No idea of what to do here...

**ckoeber** · January 29th 2010, 06:55 AM

Hello,

I have no idea on how to solve the problem below. Do I take the intergral or do I set the given derivative equal to something?

Thanks!

Regards,
Chris K.

**Plato** · January 29th 2010, 07:03 AM

Hint: $f'(x)=\frac{x^2-1}{1+\cos^2(x)}$

**General** · January 29th 2010, 07:04 AM

Originally Posted by ckoeber

Hello,

I have no idea on how to solve the problem below. Do I take the intergral or do I set the given derivative equal to something?

Thanks!

Regards,
Chris K.

See this formula:
If $f(x)=\int_a^x g(t)dt$
then $f'(x)=g(x)$
By applying this formula, you will get the derivative.
Now, It should be easy.

**ckoeber** · January 29th 2010, 07:08 AM

Originally Posted by Plato

Hint: $f'(x)=\frac{x^2-1}{1+\cos^2(x)}$

I figured that, but then I go ahead and set that to zero, right?

I graphed the function and it is periodic so I am assuming that I need to find the answer in relations to pi.

Am I correct?

**ckoeber** · January 29th 2010, 07:09 AM

Originally Posted by General

See this formula:
If $f(x)=\int_a^x g(t)dt$
then $f'(x)=g(x)$
By applying this formula, you will get the derivative.
Now, It should be easy.

Thanks. Essentially I substitute the limit into the orginal function and work it out. But in this problem, as I mentioned to Plato, the graph is periodic.

So the answer would be in relations to pi somehow, right?

**Plato** · January 29th 2010, 07:34 AM

$\begin{gathered} f'( - 1) = 0,\;f'( - 1^ - ) > 0,\;f'( - 1^ + ) < 0 \Rightarrow \quad \max \hfill \\ f'(1) = 0,\;f'(1^ - ) < 0,\;f'(1^ + ) > 0 \Rightarrow \quad \min \hfill \\ \end{gathered}$

**drumist** · January 29th 2010, 08:46 AM

Originally Posted by ckoeber

So the answer would be in relations to pi somehow, right?

No, because we just need to find where it equals zero.

$f'(x)=\frac{x^2-1}{1+\cos^2(x)}=0$

$\implies \frac{x^2-1}{1+\cos^2(x)} \cdot (1+\cos^2(x)) = 0 \cdot (1+\cos^2(x))$

$\implies x^2-1 = 0$

**ckoeber** · January 29th 2010, 08:49 AM

Originally Posted by drumist

No, because we just need to find where it equals zero.

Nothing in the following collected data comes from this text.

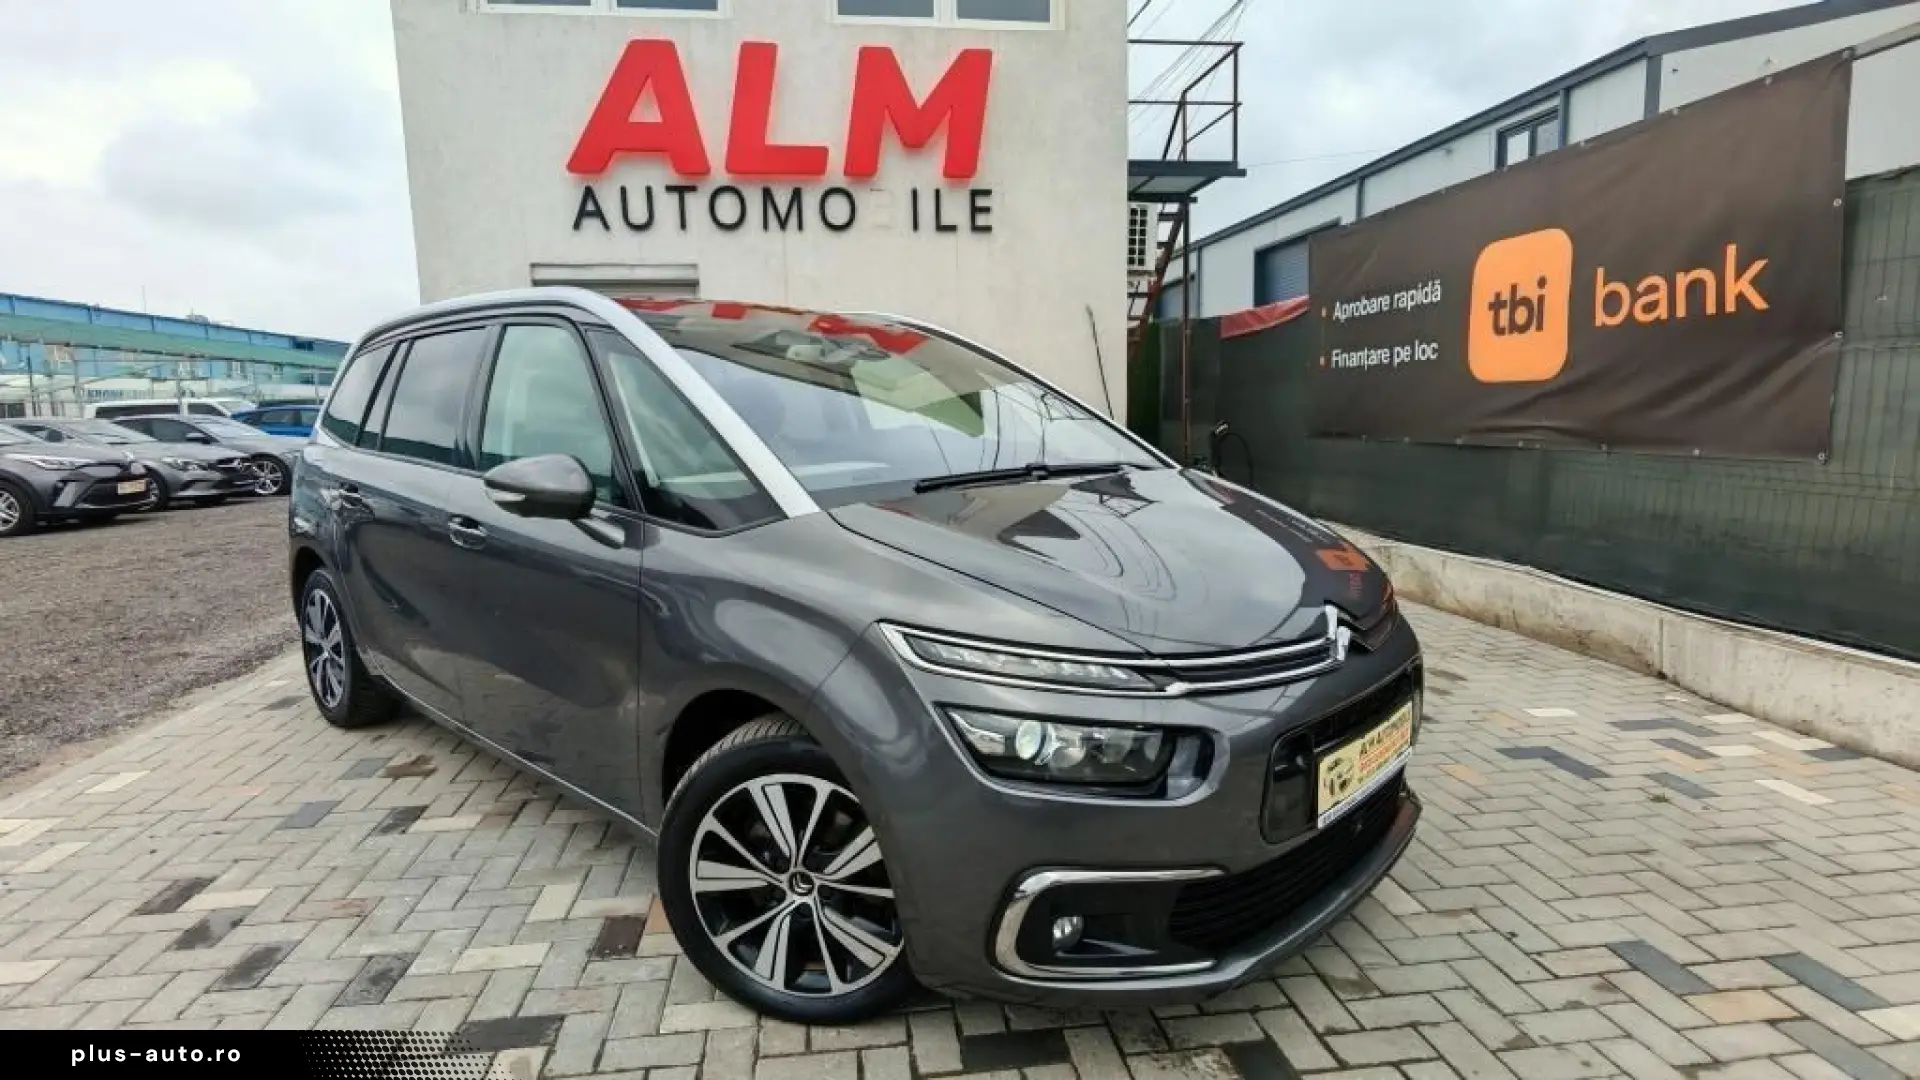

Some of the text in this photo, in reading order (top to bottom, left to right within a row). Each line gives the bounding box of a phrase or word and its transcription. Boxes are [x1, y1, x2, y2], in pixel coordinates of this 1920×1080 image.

[567, 38, 992, 180] ALM
[1332, 279, 1441, 323] Aprobare rapidă
[1487, 242, 1769, 336] tbi bank
[1392, 345, 1412, 368] pe
[1414, 339, 1439, 361] loc

$f'(x)=\frac{x^2-1}{1+\cos^2(x)}=0$

$\implies \frac{x^2-1}{1+\cos^2(x)} \cdot (1+\cos^2(x)) = 0 \cdot (1+\cos^2(x))$

$\implies x^2-1 = 0$

Thanks! This is what I was looking for! I thought I couldn't solve for x because the denominator was throwing me off.

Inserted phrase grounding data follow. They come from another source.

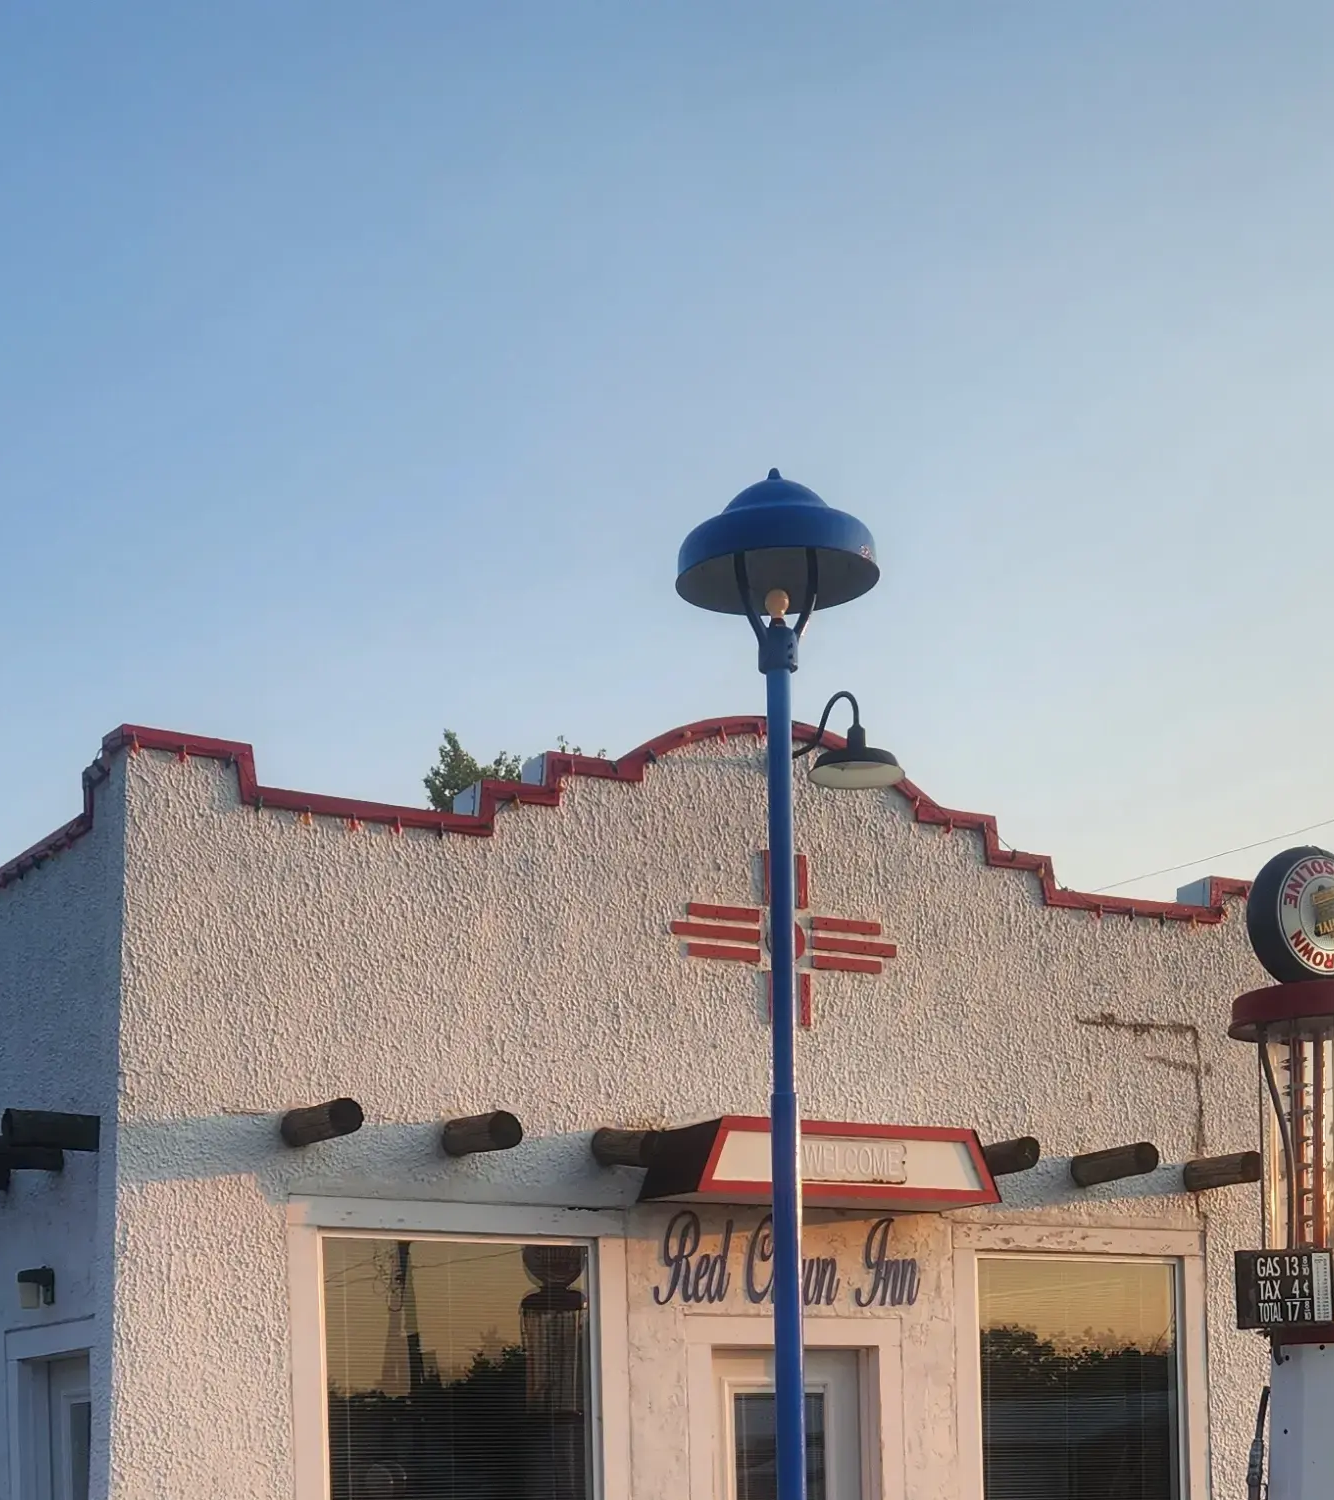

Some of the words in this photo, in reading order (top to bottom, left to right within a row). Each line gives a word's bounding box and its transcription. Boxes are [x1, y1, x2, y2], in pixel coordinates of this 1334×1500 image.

[802, 1144, 900, 1176] WELCOME
[653, 1210, 733, 1305] Red
[746, 1212, 840, 1305] Cwn
[855, 1217, 920, 1307] Inn
[1256, 1257, 1281, 1277] GAS
[1284, 1256, 1299, 1277] 13
[1257, 1280, 1282, 1301] TAX
[1258, 1302, 1283, 1323] TOTAL
[1286, 1301, 1301, 1322] 17

I feel dumb as all it took was simple arithmetic to solve

Regards,
Chris K.

**ckoeber** · January 29th 2010, 08:50 AM

Originally Posted by Plato

$\begin{gathered} f'( - 1) = 0,\;f'( - 1^ - ) > 0,\;f'( - 1^ + ) < 0 \Rightarrow \quad \max \hfill \\ f'(1) = 0,\;f'(1^ - ) < 0,\;f'(1^ + ) > 0 \Rightarrow \quad \min \hfill \\ \end{gathered}$

After another poster showed me how to solve I see how to came to this conclusion now.

Thanks.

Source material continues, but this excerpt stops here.